How much does the computing power required limit accessibility?
The computational requirements are significant, which is one reason world model development is primarily happening at well-funded private companies rather than academic labs. However, for end users, this is largely abstracted away. When you use Marble, the heavy computation happens on World Labs' servers—you just need a decent internet connection and a modern web browser. The main limitation users face is generation time (a few minutes) and potential queuing during peak usage times. As the technology matures and computational efficiency improves, these limitations will likely decrease.
Will world models replace human 3D artists and designers?
This is a common concern with any new AI capability. The evidence so far suggests world models will augment rather than replace creative professionals.
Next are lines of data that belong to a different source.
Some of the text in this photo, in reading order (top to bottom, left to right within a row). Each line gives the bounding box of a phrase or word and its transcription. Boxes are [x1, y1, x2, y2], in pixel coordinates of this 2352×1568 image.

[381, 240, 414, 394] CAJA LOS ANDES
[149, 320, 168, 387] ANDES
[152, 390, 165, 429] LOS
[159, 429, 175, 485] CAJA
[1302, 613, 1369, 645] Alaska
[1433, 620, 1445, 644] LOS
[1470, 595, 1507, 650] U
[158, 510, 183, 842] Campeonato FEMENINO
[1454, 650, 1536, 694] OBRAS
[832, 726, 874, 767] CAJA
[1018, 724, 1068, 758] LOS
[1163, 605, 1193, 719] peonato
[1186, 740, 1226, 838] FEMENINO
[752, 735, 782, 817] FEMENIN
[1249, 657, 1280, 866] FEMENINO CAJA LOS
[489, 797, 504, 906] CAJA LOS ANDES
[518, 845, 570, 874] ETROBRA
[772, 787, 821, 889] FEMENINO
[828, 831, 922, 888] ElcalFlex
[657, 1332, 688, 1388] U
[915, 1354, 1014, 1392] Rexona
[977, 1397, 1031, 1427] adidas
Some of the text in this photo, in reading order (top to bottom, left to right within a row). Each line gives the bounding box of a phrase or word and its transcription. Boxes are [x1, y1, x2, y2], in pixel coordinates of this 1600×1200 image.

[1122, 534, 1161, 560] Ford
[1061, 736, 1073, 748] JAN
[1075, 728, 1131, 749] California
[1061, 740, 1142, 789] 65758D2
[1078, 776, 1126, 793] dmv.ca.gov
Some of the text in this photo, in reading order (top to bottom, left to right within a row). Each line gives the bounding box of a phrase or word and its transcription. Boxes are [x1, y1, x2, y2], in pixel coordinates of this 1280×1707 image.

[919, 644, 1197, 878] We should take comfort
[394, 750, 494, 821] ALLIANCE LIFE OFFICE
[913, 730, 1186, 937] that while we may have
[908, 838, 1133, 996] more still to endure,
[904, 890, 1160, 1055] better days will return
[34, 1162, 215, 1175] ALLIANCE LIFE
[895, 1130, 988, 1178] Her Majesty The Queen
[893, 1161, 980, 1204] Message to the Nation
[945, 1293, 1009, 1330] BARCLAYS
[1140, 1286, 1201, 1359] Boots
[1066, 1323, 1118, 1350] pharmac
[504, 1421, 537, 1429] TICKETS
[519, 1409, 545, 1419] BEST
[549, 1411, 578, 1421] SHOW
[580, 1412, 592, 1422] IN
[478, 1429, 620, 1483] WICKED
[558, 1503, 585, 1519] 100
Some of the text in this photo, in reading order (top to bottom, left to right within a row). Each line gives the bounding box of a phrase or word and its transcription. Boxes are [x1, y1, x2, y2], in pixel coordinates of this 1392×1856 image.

These tools dramatically accelerate certain aspects of 3D work—particularly creating base environments and handling repetitive tasks—but they lack the artistic judgment, creative vision, and ability to meet specific creative briefs that human professionals provide. Early adopters are finding that world models free them from tedious work, allowing them to focus more on creative direction, refinement, and the aspects of their craft that require human judgment. The most successful creators will likely be those who effectively combine AI tools with traditional skills and creative vision.